Cuando estuvimos vestidos de negro y con los pasamontañas puestos, Melford nos dio la señal y avanzamos hacia el césped como un trío de comandos, con la cabeza gacha, al encuentro con lo desconocido.

Yo ya estaba sudando, pero también sentía la adrenalina. Por un instante comprendí por qué Melford era Melford, entendí la emoción de hacer algo prohibido, de saltarse las barreras, de rechazar lo mundano y lo estable. Y no éramos ladrones movidos por la codicia. Estábamos desafiando a la autoridad por una causa moral. Que creyera o no en esa causa parecía irrelevante. El hecho de estar allí hacía que me sintiera vivo.

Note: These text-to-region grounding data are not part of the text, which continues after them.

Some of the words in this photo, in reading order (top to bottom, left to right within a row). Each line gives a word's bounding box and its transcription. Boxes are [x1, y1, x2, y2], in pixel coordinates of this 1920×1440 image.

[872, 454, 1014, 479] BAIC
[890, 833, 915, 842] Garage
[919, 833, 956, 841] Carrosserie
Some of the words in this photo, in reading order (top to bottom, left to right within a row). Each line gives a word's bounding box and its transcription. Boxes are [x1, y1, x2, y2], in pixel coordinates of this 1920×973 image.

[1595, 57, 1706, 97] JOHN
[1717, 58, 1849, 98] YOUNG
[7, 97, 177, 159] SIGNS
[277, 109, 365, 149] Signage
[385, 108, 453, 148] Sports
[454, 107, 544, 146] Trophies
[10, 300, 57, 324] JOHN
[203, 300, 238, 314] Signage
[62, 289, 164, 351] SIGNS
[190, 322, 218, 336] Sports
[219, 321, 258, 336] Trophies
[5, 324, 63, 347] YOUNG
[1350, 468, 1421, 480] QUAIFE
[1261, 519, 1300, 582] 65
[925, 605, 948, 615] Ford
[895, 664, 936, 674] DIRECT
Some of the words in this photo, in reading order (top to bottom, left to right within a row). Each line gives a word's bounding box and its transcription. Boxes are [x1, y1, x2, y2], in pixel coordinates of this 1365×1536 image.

El exterior estaba muy mal iluminado; Melford nos hizo seguir por uno de los lados del edificio hasta unos escalones de hormigón que subían a una puerta lateral metálica. Abrió su bolsa y sacó la ganzúa, la que había utilizado en la caravana de Karen, y en un par de minutos la puerta se abrió. Entramos.

Dentro estaba muy oscuro, no había luces ni ventanas. Melford sacó una linterna y nos dijo que nos quitáramos los pasamontañas y la ropa… menos el jersey de Desiree.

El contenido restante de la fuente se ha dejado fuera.